=== What you will do ===
The records that follow are to be transcribed in full, leaving out each picture.

=== Available data ===
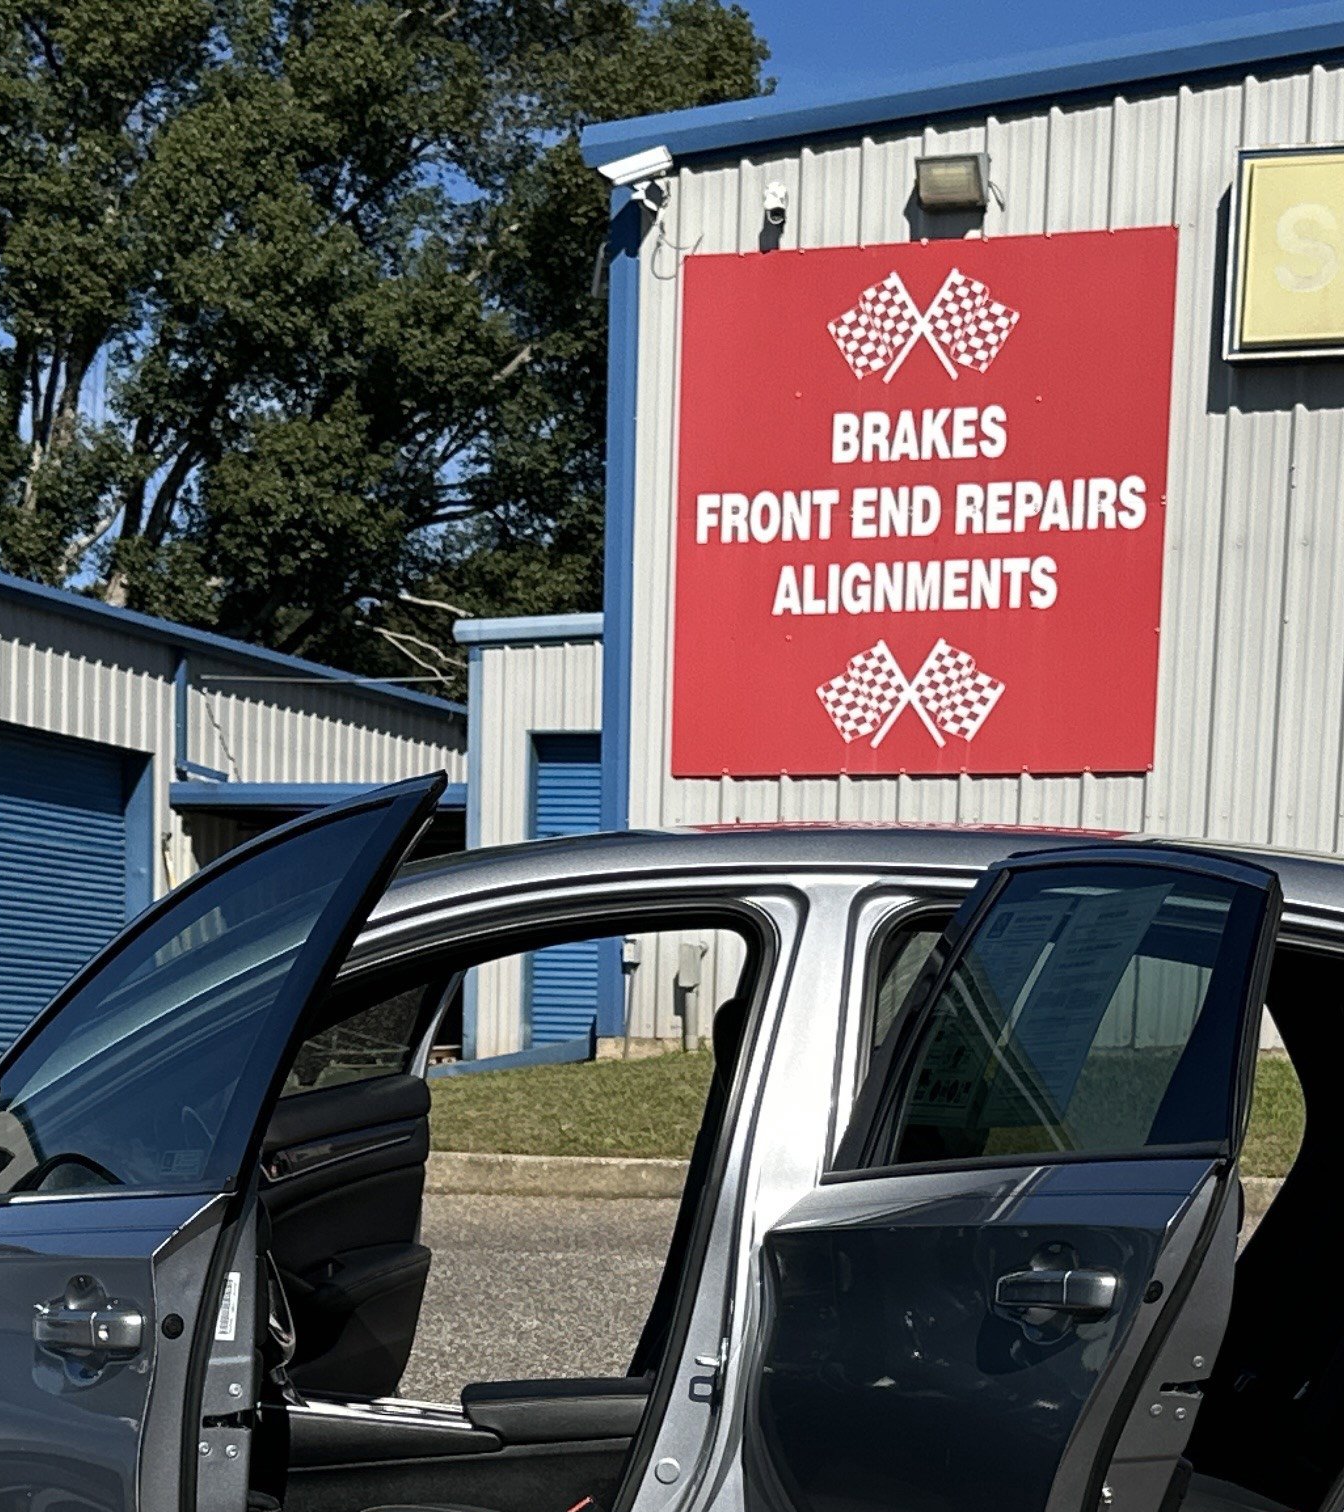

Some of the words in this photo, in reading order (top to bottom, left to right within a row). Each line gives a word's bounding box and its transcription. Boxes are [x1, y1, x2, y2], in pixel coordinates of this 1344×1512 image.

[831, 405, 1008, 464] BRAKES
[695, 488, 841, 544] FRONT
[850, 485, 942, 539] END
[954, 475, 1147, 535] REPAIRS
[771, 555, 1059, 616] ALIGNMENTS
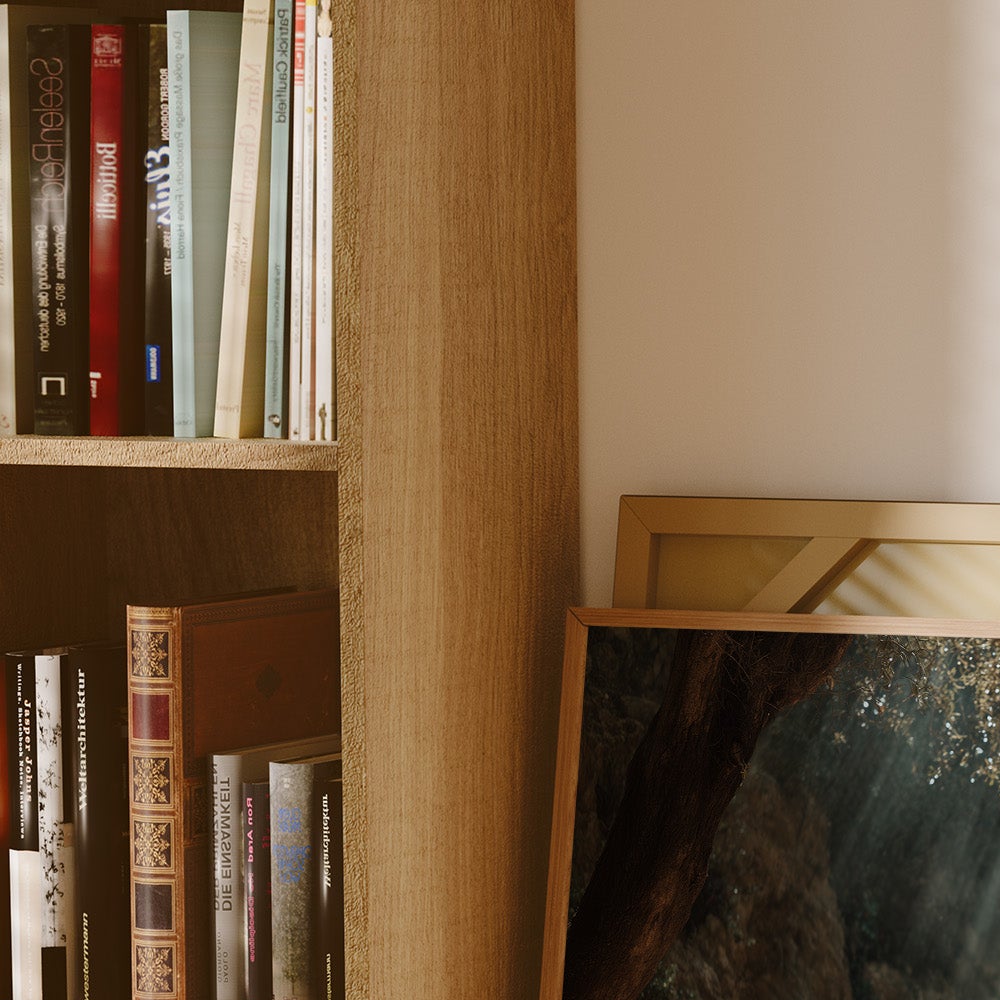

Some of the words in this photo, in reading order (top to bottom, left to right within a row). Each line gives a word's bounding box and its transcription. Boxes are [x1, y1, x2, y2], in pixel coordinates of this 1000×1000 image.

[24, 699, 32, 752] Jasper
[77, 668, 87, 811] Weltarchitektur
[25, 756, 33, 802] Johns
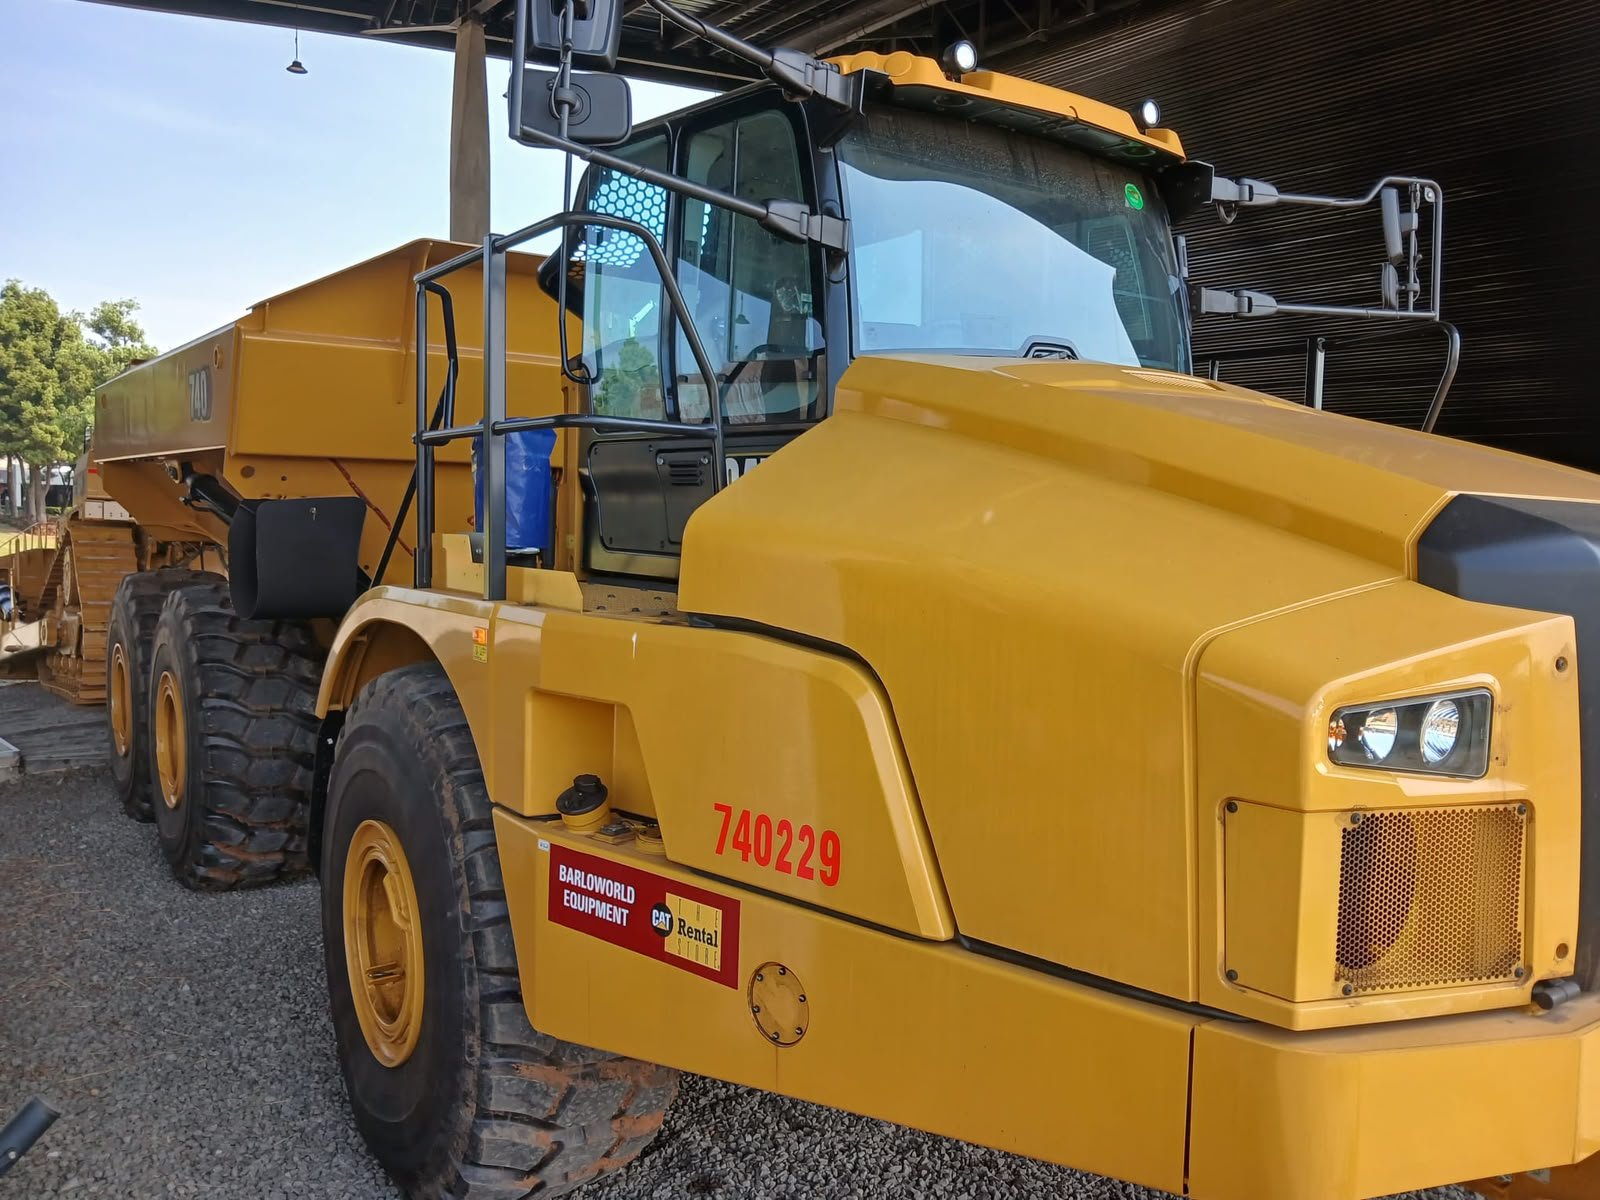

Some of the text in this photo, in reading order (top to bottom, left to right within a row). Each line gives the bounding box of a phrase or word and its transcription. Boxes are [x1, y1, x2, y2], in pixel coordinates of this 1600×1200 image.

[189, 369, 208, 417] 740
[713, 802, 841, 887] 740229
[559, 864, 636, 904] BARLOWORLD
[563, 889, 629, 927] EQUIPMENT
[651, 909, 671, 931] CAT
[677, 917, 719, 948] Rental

=== Task answer ===
Some of the words in this photo, in reading order (top to bottom, left to right within a row). Each line gives a word's bounding box and its transcription. Boxes are [x1, y1, x2, y2], in pixel coordinates of this 1344×1512 image.

[831, 405, 1008, 464] BRAKES
[695, 488, 841, 544] FRONT
[850, 485, 942, 539] END
[954, 475, 1147, 535] REPAIRS
[771, 555, 1059, 616] ALIGNMENTS

Some of the words in this photo, in reading order (top to bottom, left to right within a row). Each line gives a word's bounding box and its transcription. Boxes are [x1, y1, x2, y2], in pixel coordinates of this 1000×1000 image.

[24, 699, 32, 752] Jasper
[77, 668, 87, 811] Weltarchitektur
[25, 756, 33, 802] Johns

Some of the text in this photo, in reading order (top to bottom, left to right within a row). Each line gives the bounding box of a phrase or word and its transcription. Boxes are [x1, y1, x2, y2], in pixel coordinates of this 1600×1200 image.

[189, 369, 208, 417] 740
[713, 802, 841, 887] 740229
[559, 864, 636, 904] BARLOWORLD
[563, 889, 629, 927] EQUIPMENT
[651, 909, 671, 931] CAT
[677, 917, 719, 948] Rental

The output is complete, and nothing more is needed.